> Your objective
Nothing but a verbatim copy of the data, minus the images, should be returned.

[Input — start]

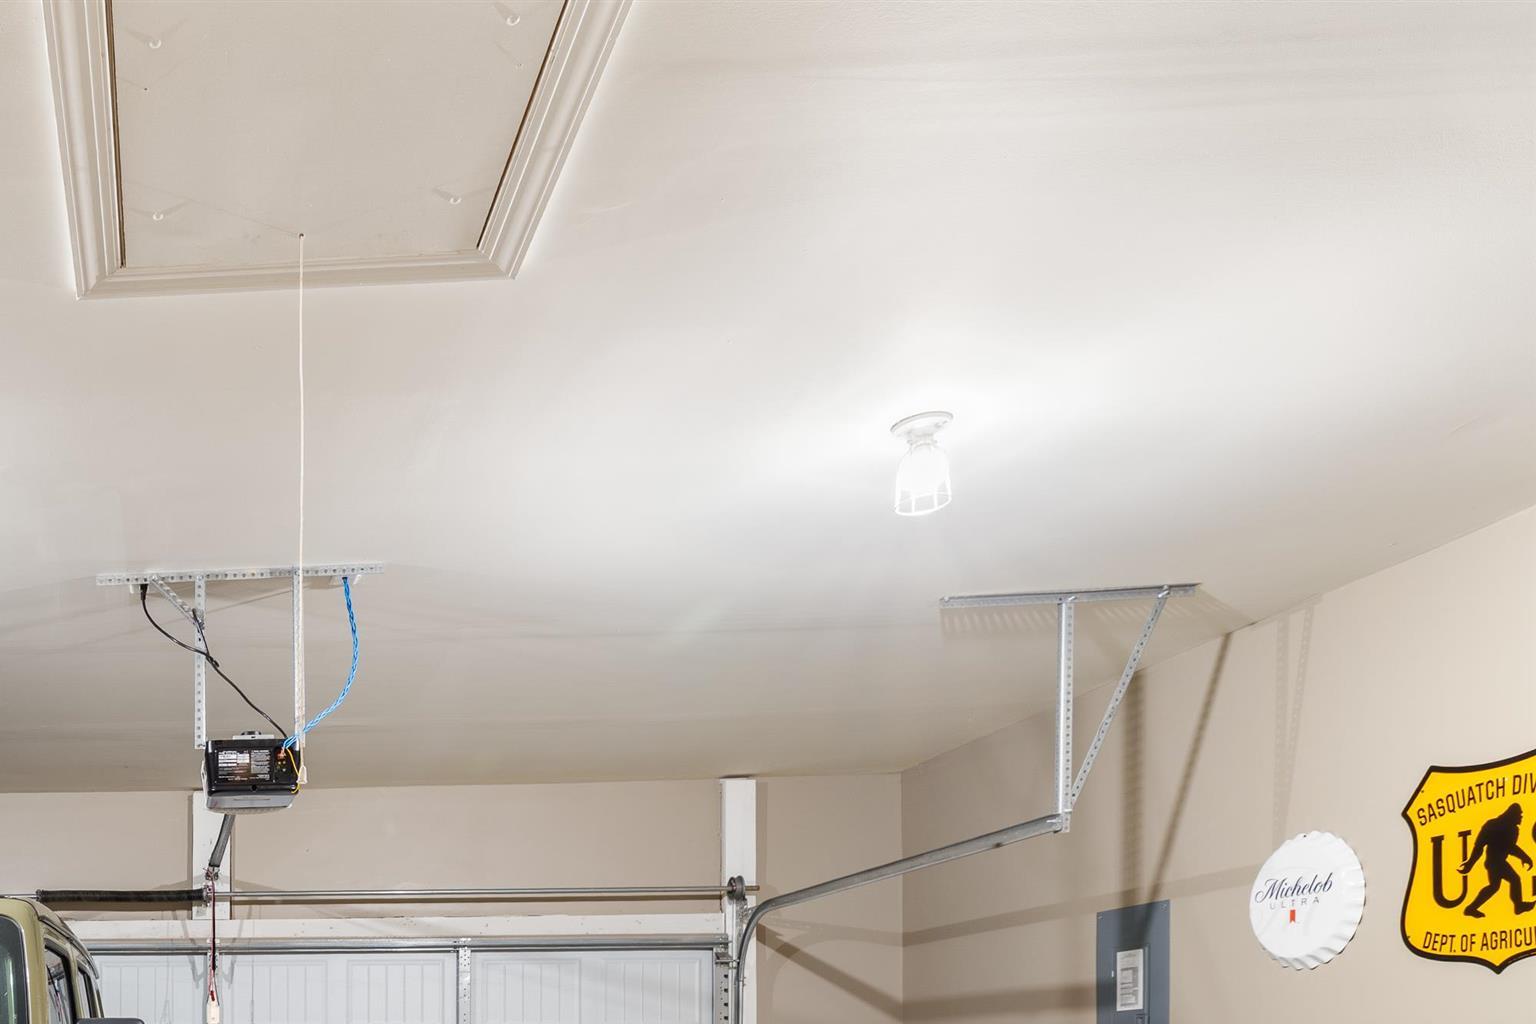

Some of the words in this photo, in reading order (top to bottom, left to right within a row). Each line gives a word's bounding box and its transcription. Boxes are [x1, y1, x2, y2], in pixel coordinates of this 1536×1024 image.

[1417, 776, 1506, 826] SASQUATCH
[1254, 872, 1333, 903] Michelob
[1269, 896, 1320, 910] ULTRA
[1423, 930, 1457, 953] DEPT.
[1461, 933, 1476, 952] OF
[1481, 926, 1536, 951] AGRICU

[Input — finish]

> Result for this task
Some of the words in this photo, in reading order (top to bottom, left to right within a row). Each line gives a word's bounding box and its transcription. Boxes are [x1, y1, x2, y2], in pixel coordinates of this 1536×1024 image.

[1417, 776, 1506, 826] SASQUATCH
[1254, 872, 1333, 903] Michelob
[1269, 896, 1320, 910] ULTRA
[1423, 930, 1457, 953] DEPT.
[1461, 933, 1476, 952] OF
[1481, 926, 1536, 951] AGRICU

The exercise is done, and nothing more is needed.